Records from a data source
□ □ □ □ □
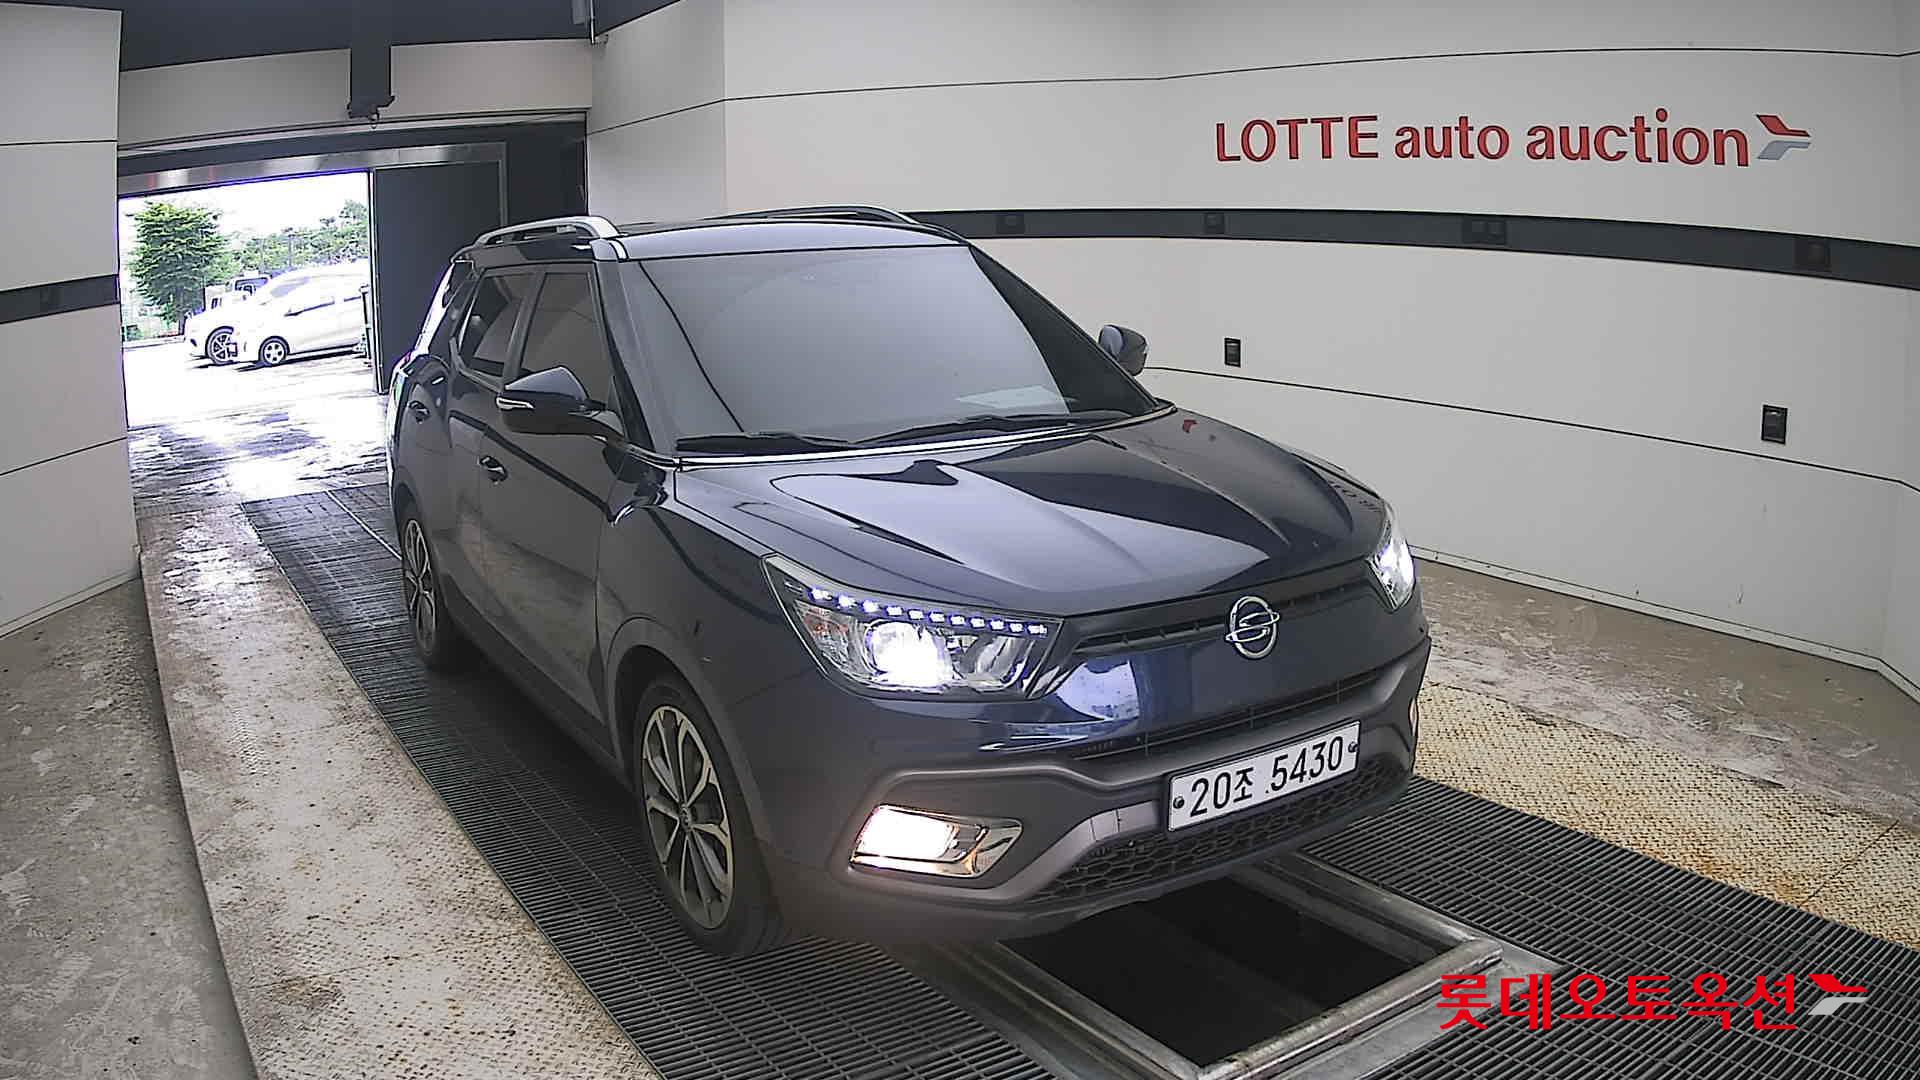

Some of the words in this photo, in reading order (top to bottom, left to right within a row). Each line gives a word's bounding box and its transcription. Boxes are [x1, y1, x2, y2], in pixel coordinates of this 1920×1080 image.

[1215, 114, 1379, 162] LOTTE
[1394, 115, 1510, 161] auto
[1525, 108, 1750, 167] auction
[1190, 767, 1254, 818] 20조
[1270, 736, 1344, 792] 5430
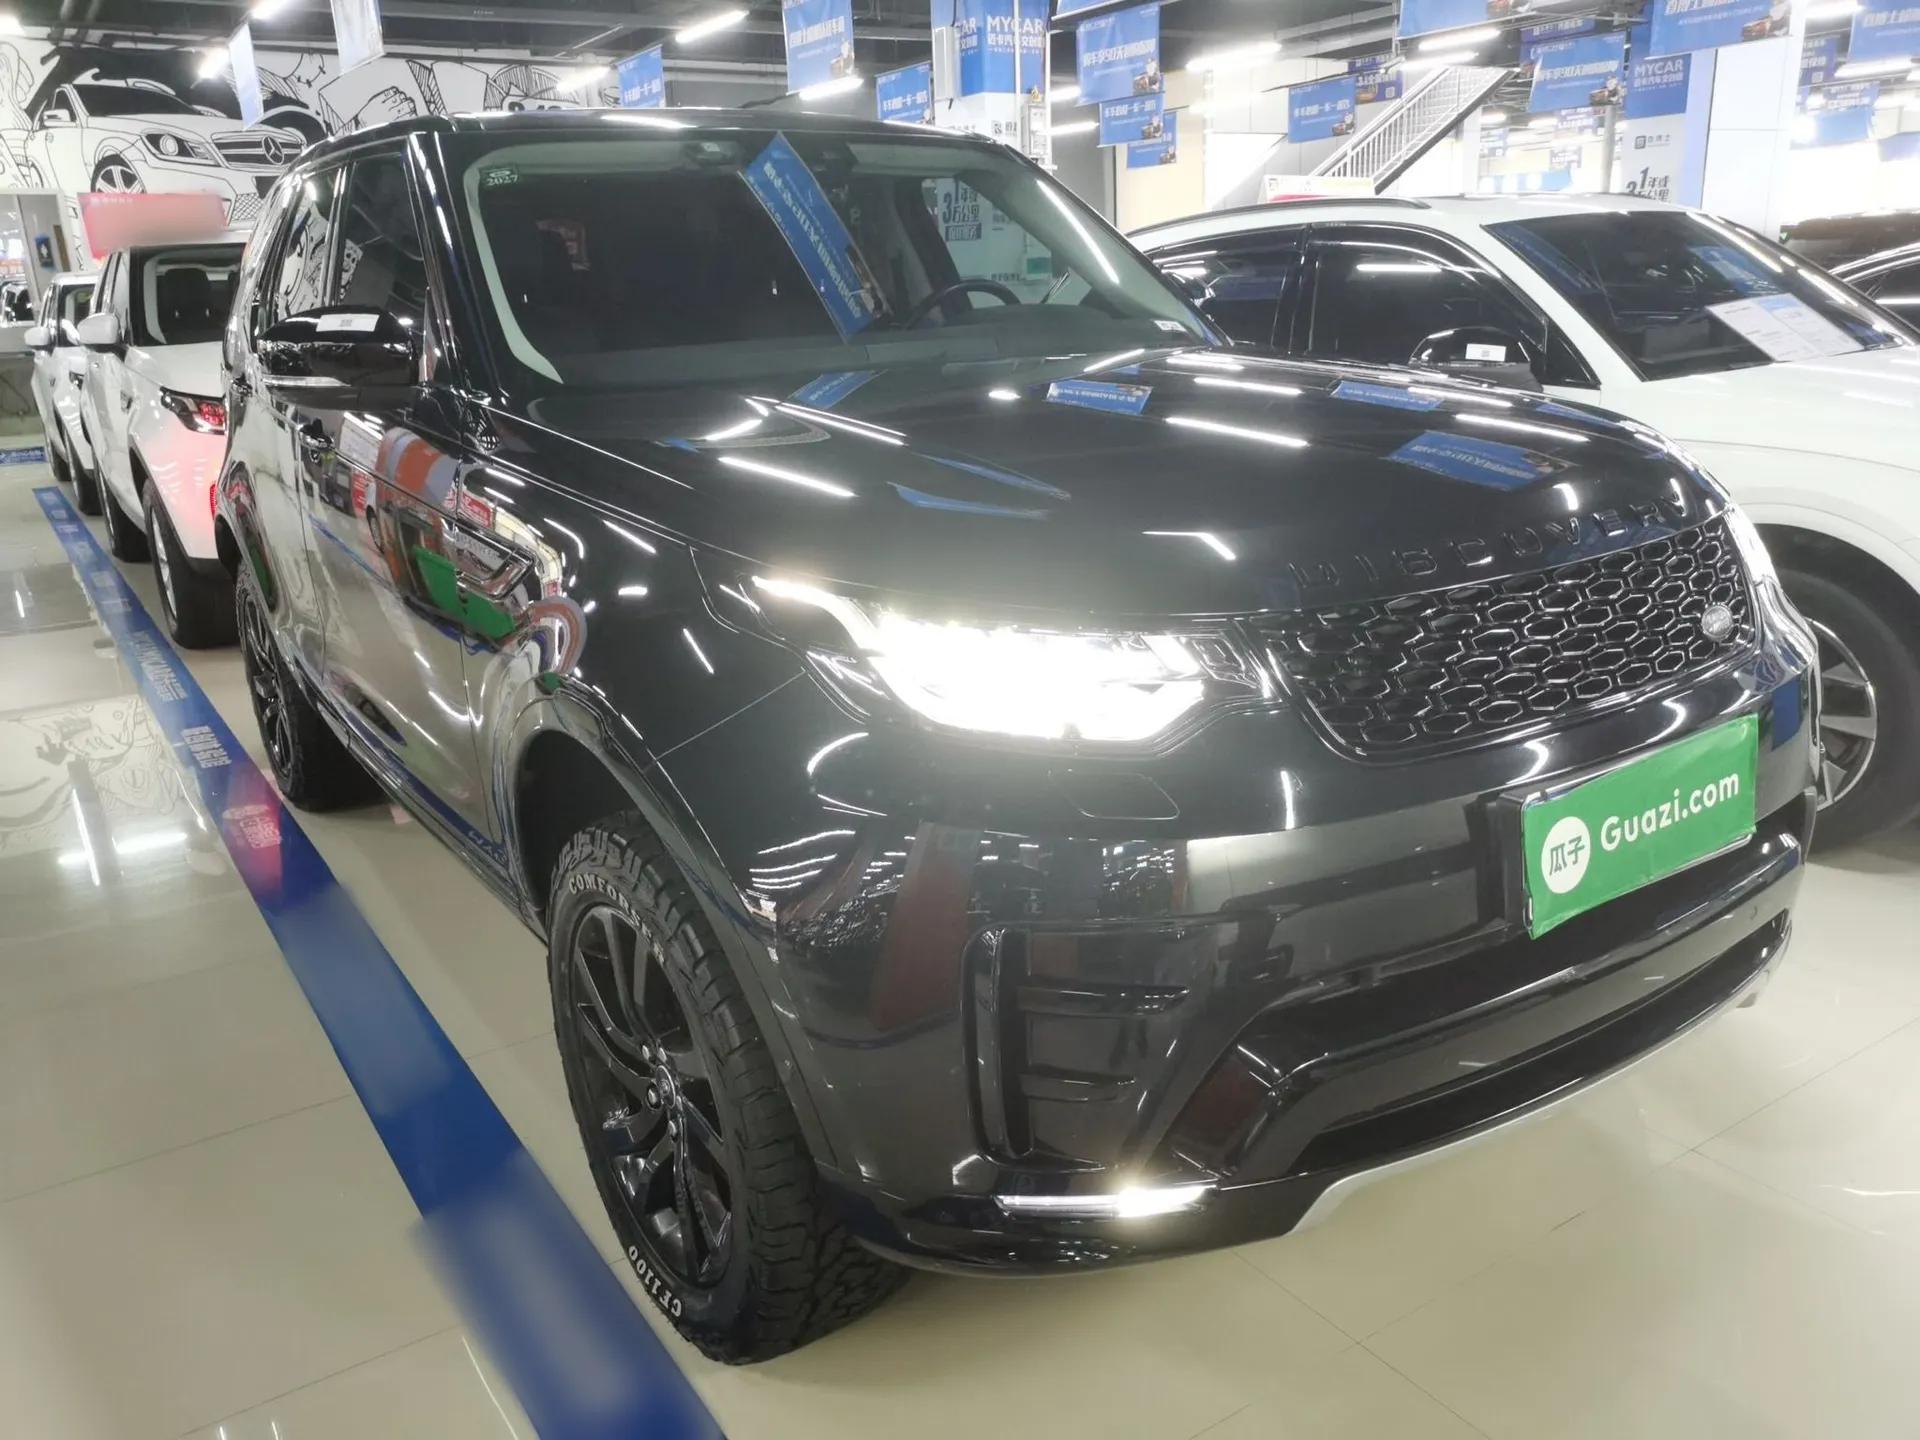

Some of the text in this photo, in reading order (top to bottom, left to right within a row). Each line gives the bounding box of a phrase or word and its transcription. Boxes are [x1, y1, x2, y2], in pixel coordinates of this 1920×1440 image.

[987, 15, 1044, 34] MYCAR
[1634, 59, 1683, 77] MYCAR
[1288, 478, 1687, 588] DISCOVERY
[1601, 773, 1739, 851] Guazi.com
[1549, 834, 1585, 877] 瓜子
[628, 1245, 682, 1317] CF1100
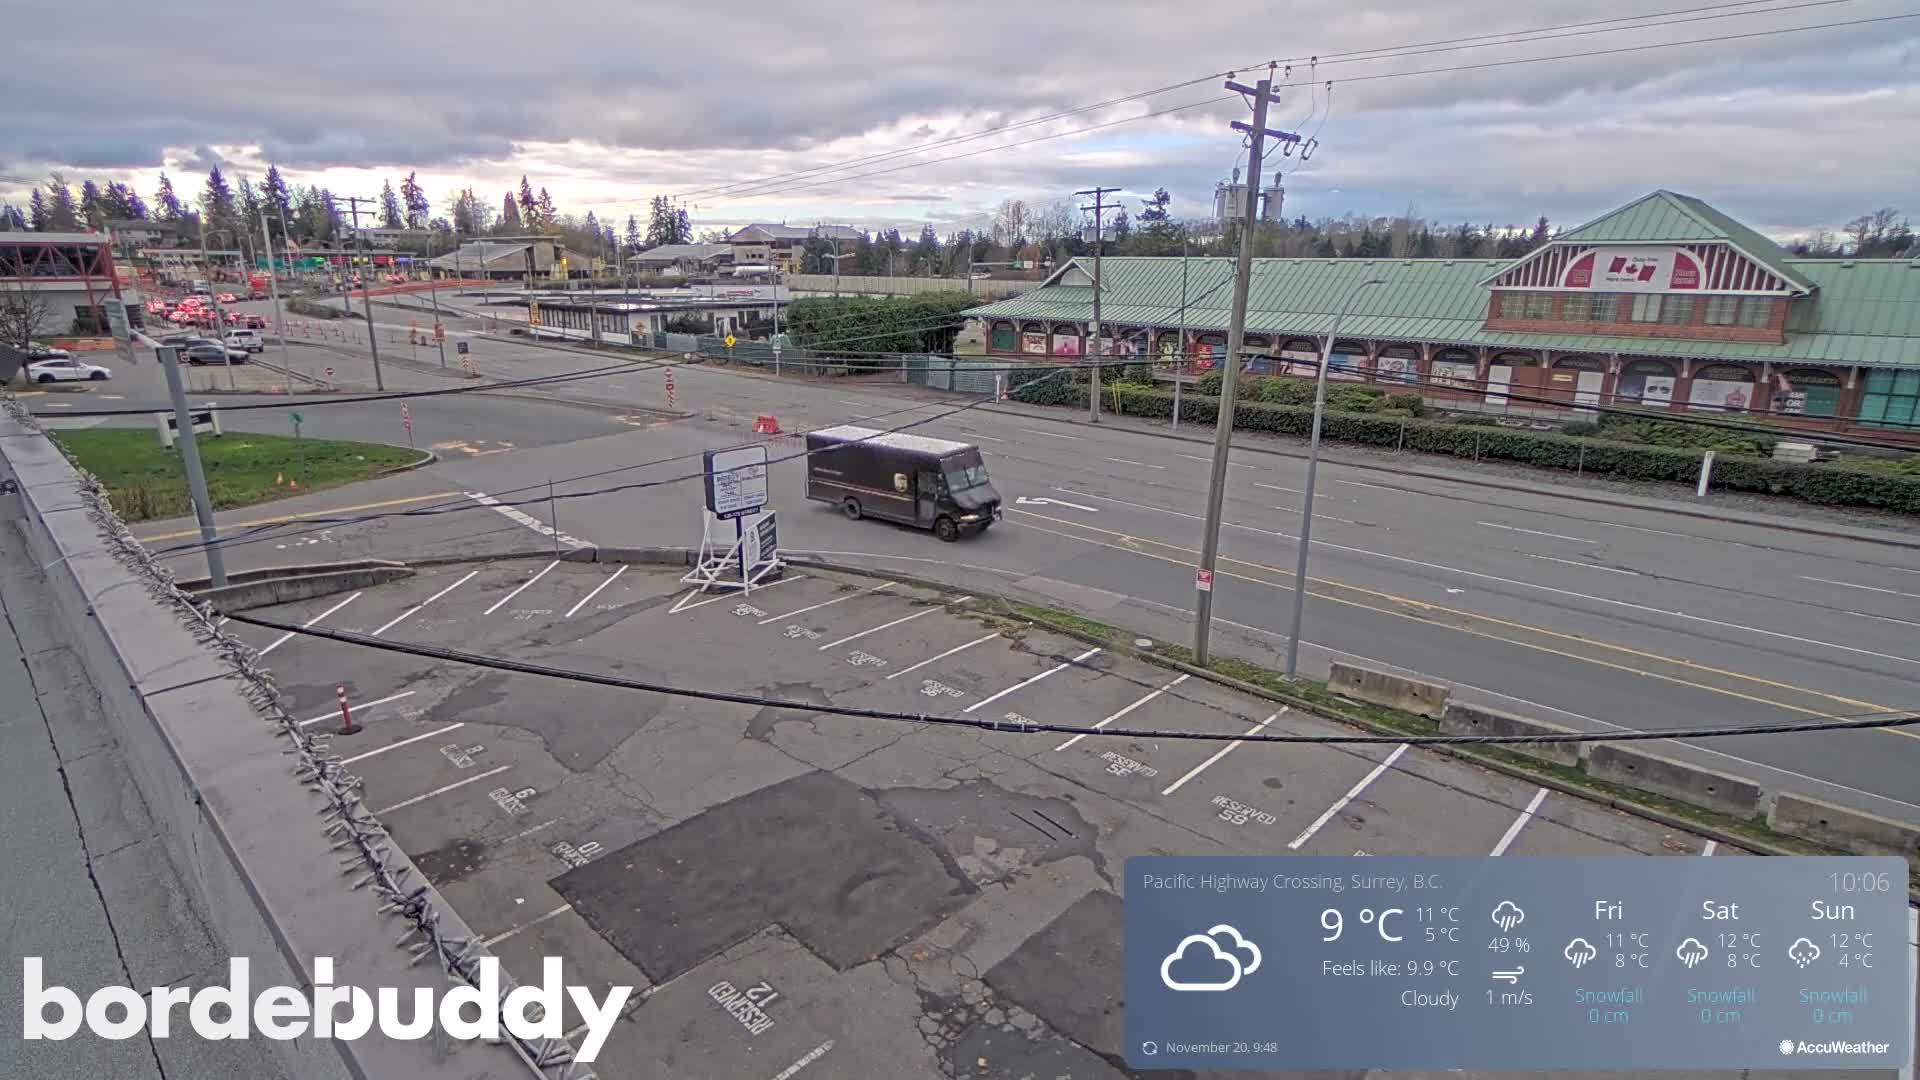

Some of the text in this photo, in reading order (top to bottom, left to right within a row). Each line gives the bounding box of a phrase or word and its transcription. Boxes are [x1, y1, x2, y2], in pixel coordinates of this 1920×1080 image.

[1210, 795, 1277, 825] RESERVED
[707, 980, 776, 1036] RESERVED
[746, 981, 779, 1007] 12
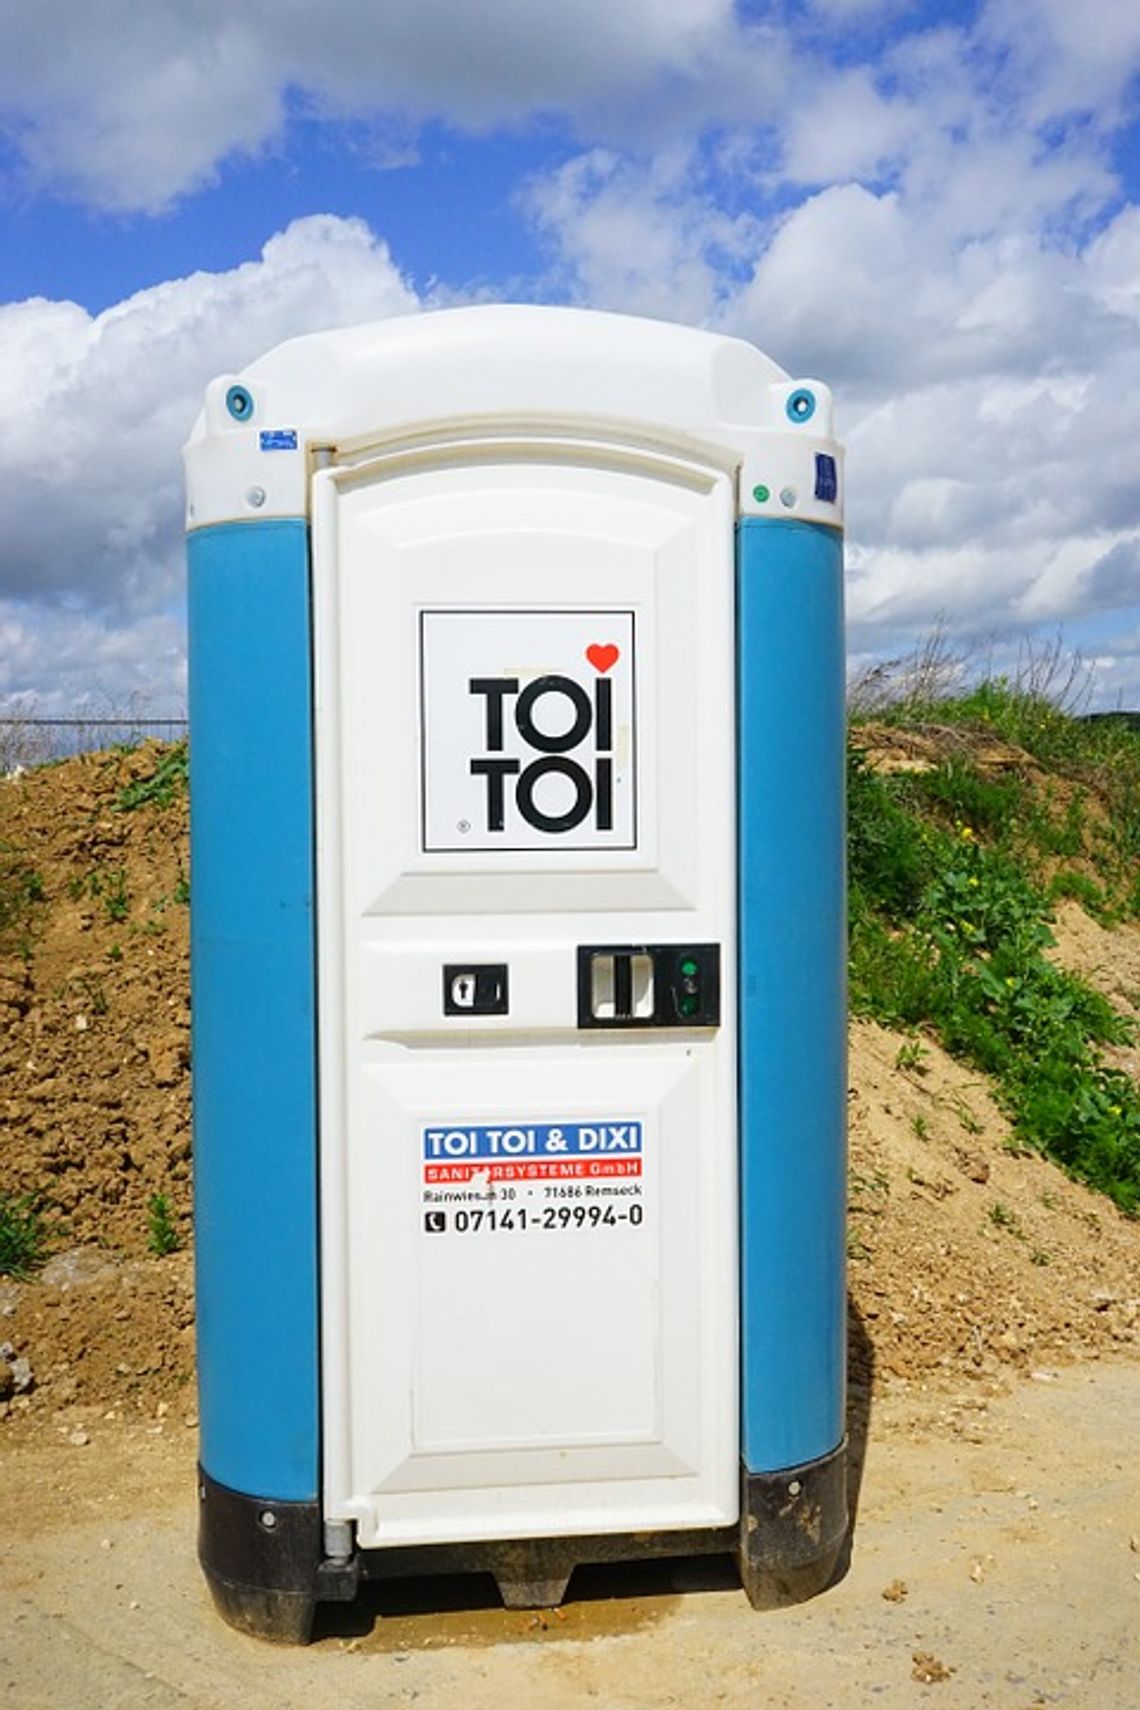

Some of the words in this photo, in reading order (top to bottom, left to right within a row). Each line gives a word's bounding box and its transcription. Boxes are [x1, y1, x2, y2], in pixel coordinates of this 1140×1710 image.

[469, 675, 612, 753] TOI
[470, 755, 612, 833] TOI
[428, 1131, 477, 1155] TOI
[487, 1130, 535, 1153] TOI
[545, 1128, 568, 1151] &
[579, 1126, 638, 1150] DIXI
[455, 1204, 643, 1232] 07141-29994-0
□ □ □ □ □
TASK INSTRUCTIONS: What is needed is an exact copy of the data, with the pictures removed.

TASK OUTPUT:
Some of the words in this photo, in reading order (top to bottom, left to right within a row). Each line gives a word's bounding box and its transcription. Boxes are [x1, y1, x2, y2], in pixel coordinates of this 1920×1080 image.

[1215, 114, 1379, 162] LOTTE
[1394, 115, 1510, 161] auto
[1525, 108, 1750, 167] auction
[1190, 767, 1254, 818] 20조
[1270, 736, 1344, 792] 5430

Some of the text in this photo, in reading order (top to bottom, left to right within a row). Each line gives the bounding box of a phrase or word and its transcription. Boxes are [x1, y1, x2, y2], in pixel coordinates of this 1920×1440 image.

[987, 15, 1044, 34] MYCAR
[1634, 59, 1683, 77] MYCAR
[1288, 478, 1687, 588] DISCOVERY
[1601, 773, 1739, 851] Guazi.com
[1549, 834, 1585, 877] 瓜子
[628, 1245, 682, 1317] CF1100

Some of the text in this photo, in reading order (top to bottom, left to right within a row). Each line gives the bounding box of a phrase or word and its transcription. Boxes are [x1, y1, x2, y2], in pixel coordinates of this 1920×1080 image.

[1210, 795, 1277, 825] RESERVED
[707, 980, 776, 1036] RESERVED
[746, 981, 779, 1007] 12

Some of the words in this photo, in reading order (top to bottom, left to right within a row). Each line gives a word's bounding box and its transcription. Boxes are [x1, y1, x2, y2], in pixel coordinates of this 1140×1710 image.

[469, 675, 612, 753] TOI
[470, 755, 612, 833] TOI
[428, 1131, 477, 1155] TOI
[487, 1130, 535, 1153] TOI
[545, 1128, 568, 1151] &
[579, 1126, 638, 1150] DIXI
[455, 1204, 643, 1232] 07141-29994-0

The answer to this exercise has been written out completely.